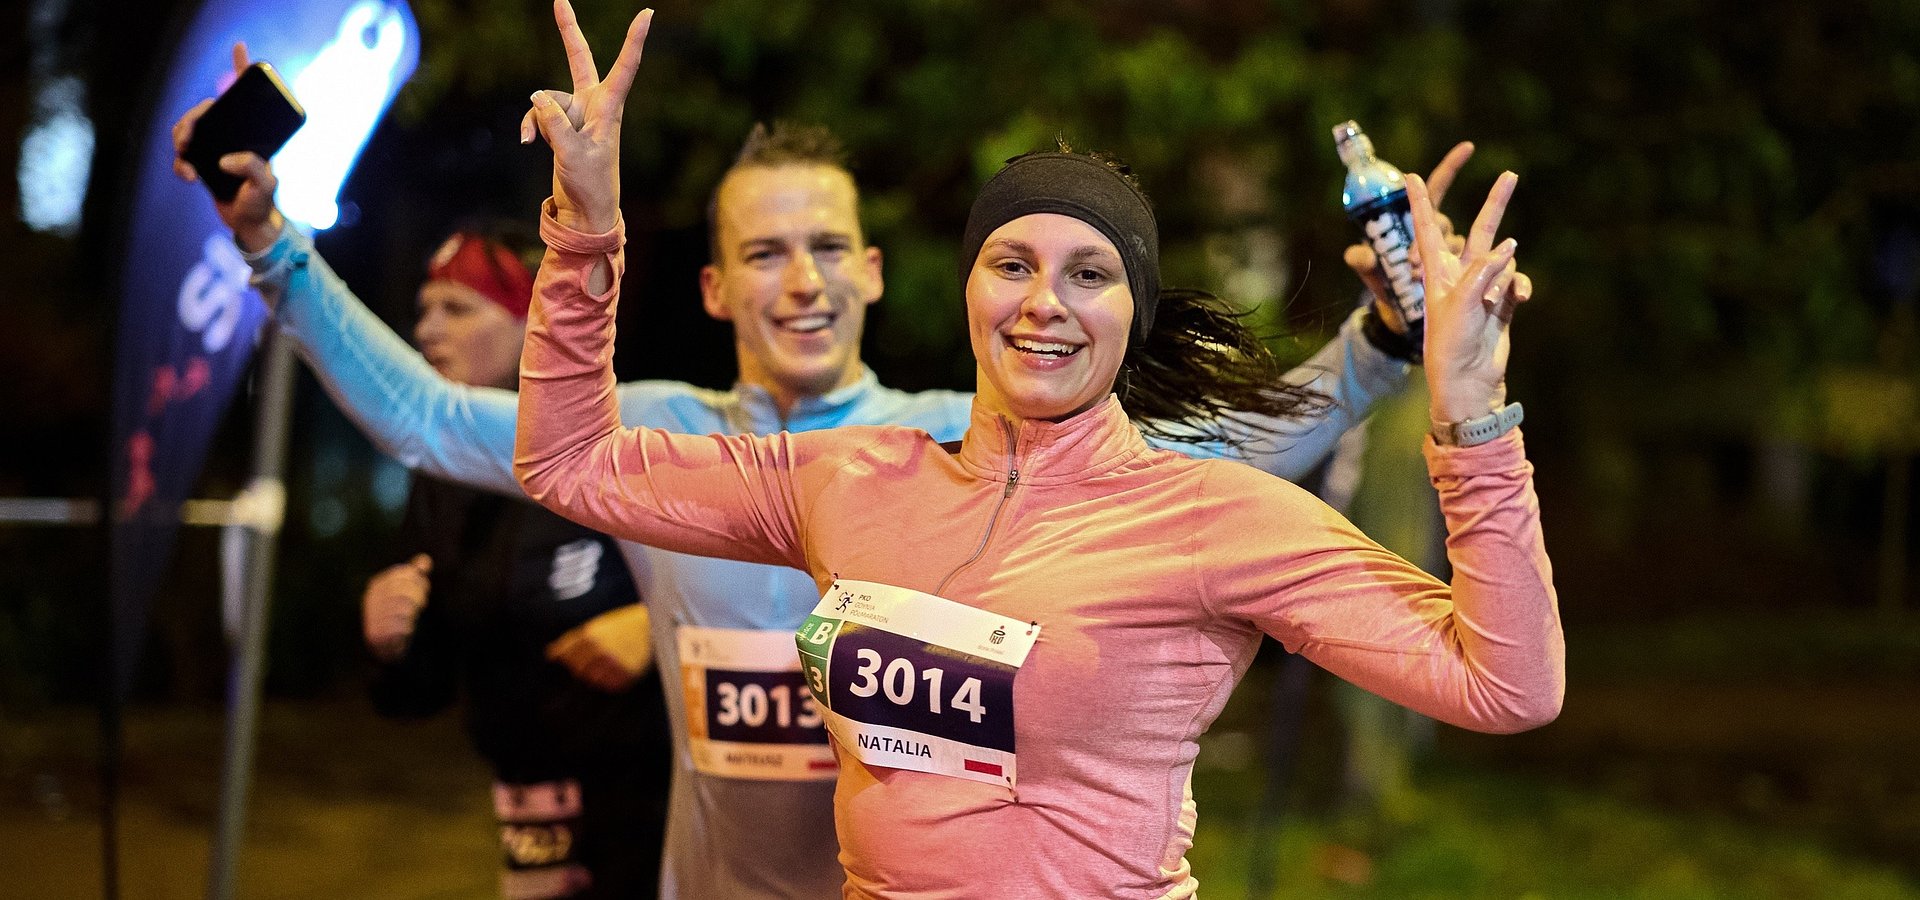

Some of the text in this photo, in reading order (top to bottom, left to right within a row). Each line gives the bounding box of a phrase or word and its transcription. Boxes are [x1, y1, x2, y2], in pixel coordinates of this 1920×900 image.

[859, 594, 872, 602] PKO
[809, 622, 834, 645] B
[810, 666, 824, 693] 3
[849, 648, 987, 724] 3014
[715, 681, 825, 729] 3013
[858, 733, 932, 759] NATALIA

* * * * *

Work required
Please copy the data above exactly; the pictures do not belong in the copy.

Output of the exercise
Some of the text in this photo, in reading order (top to bottom, left to right within a row). Each line gives the bounding box of a phrase or word and its transcription. Boxes are [x1, y1, x2, y2], in pixel coordinates of this 1920×900 image.

[859, 594, 872, 602] PKO
[809, 622, 834, 645] B
[810, 666, 824, 693] 3
[849, 648, 987, 724] 3014
[715, 681, 825, 729] 3013
[858, 733, 932, 759] NATALIA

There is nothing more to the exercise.